HAMDEN It was a telling moment in the hot and cold relationship between Quinnipiac University and the town strained by a zoning dispute arising, as they usually do, from the school's unbridled growth over the years.

There was university President John Lahey, who is called a visionary even by critics, delivering the school's first annual $750,000 voluntary payment for town services to Mayor Scott Jackson on Thursday morning.

"Quinnipiac University is proud to call Hamden home," Lahey said after the check presentation. "Providing this voluntary payment is an affirmation of the university's ongoing support and appreciation of all that Hamden does for Quinnipiac."

At the same time, the university was spending another day in violation at least according to the town of a 2006 agreement to house all of its students on campus. The university, subject to a fine of $150 per day since being cited last month, is appealing.

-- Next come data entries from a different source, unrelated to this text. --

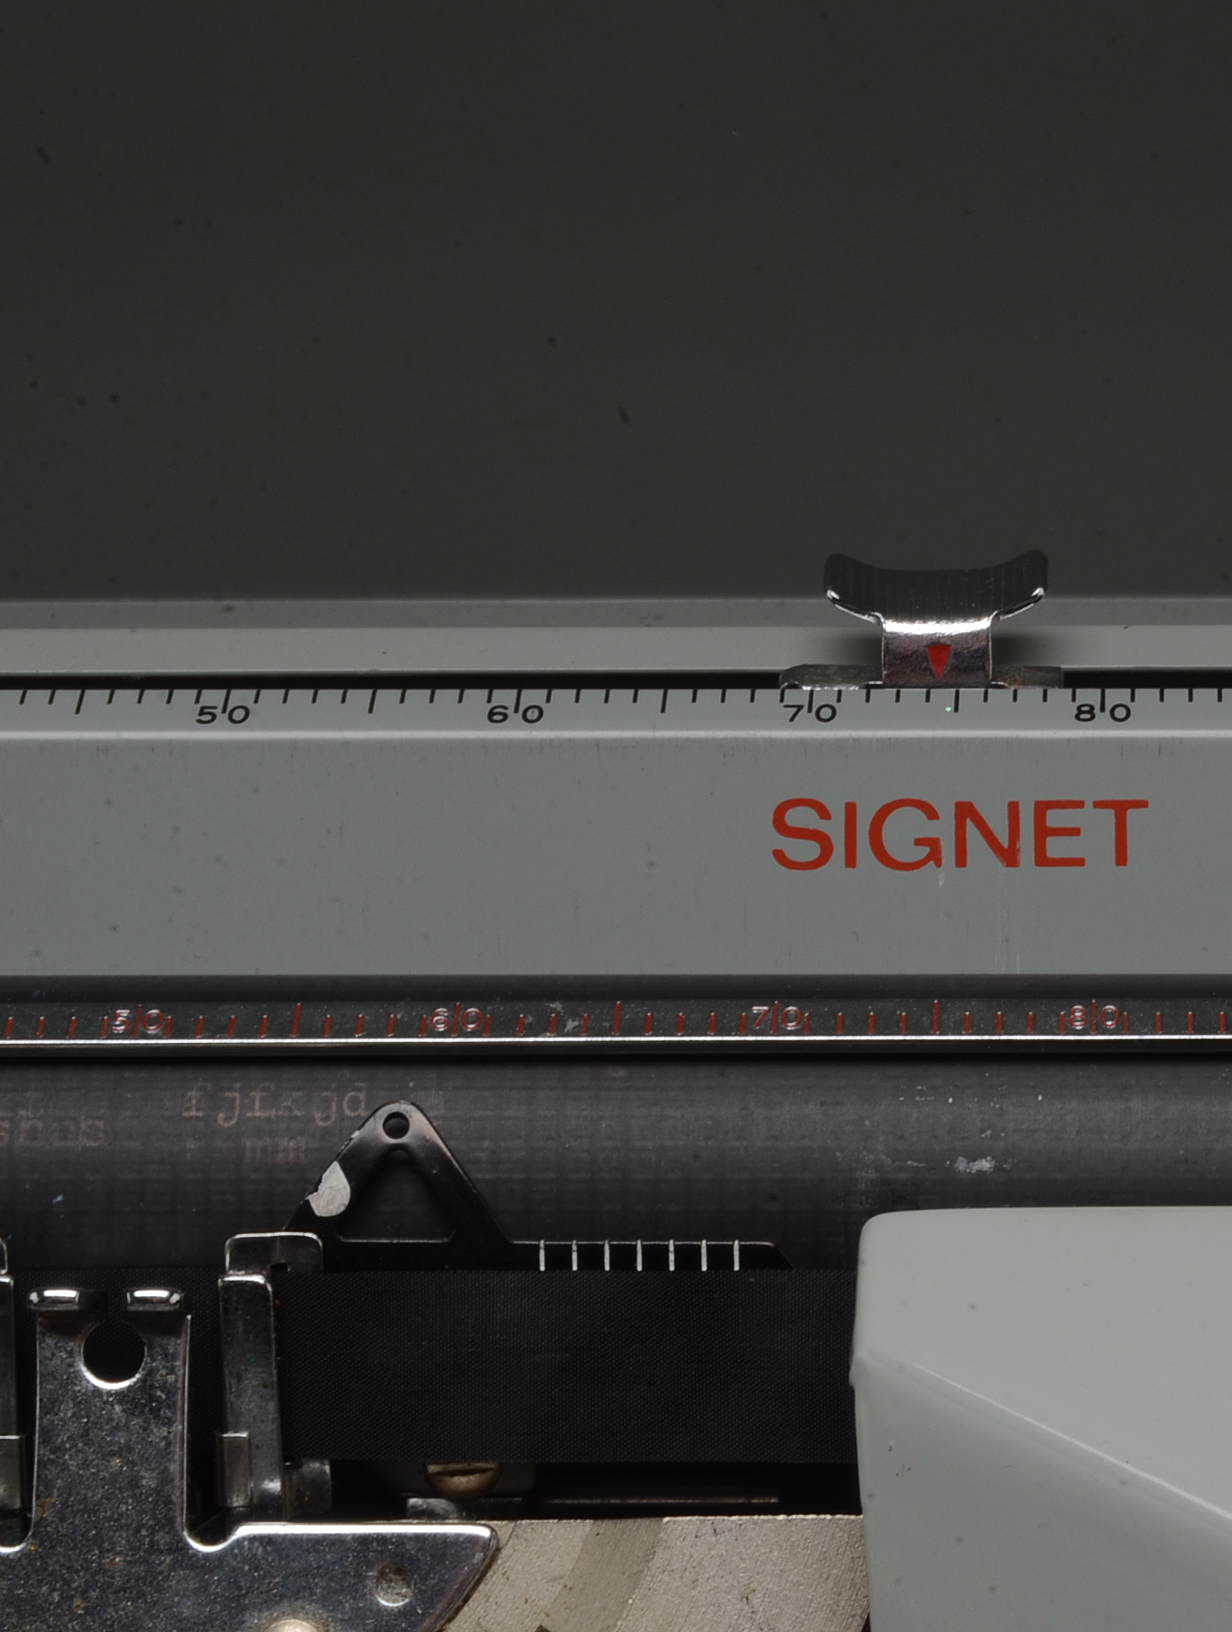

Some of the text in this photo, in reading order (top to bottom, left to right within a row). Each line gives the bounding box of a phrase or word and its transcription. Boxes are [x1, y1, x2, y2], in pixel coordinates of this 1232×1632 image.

[195, 704, 251, 724] 50
[486, 704, 545, 724] 60
[783, 703, 838, 723] 70
[1073, 703, 1132, 723] 80
[771, 797, 1150, 872] SIGNET
[111, 1008, 165, 1035] 50
[431, 1007, 484, 1032] 60
[751, 1005, 803, 1031] 70
[1068, 1004, 1121, 1030] 80

The two poles in the marriage were neatly represented here: tremendous economic and social benefits to the town, but difficulty in getting along day to day.

The complicated coupling has earned Quinnipiac and Hamden a place in the lexicon of town-gown relations in Connecticut, not as fiery as the struggle between New Haven and Yale University before Mayor John DeStefano and Yale President Rick Levin turned things around in the 1990s, but simmering, to the point where Jackson said something has to be done.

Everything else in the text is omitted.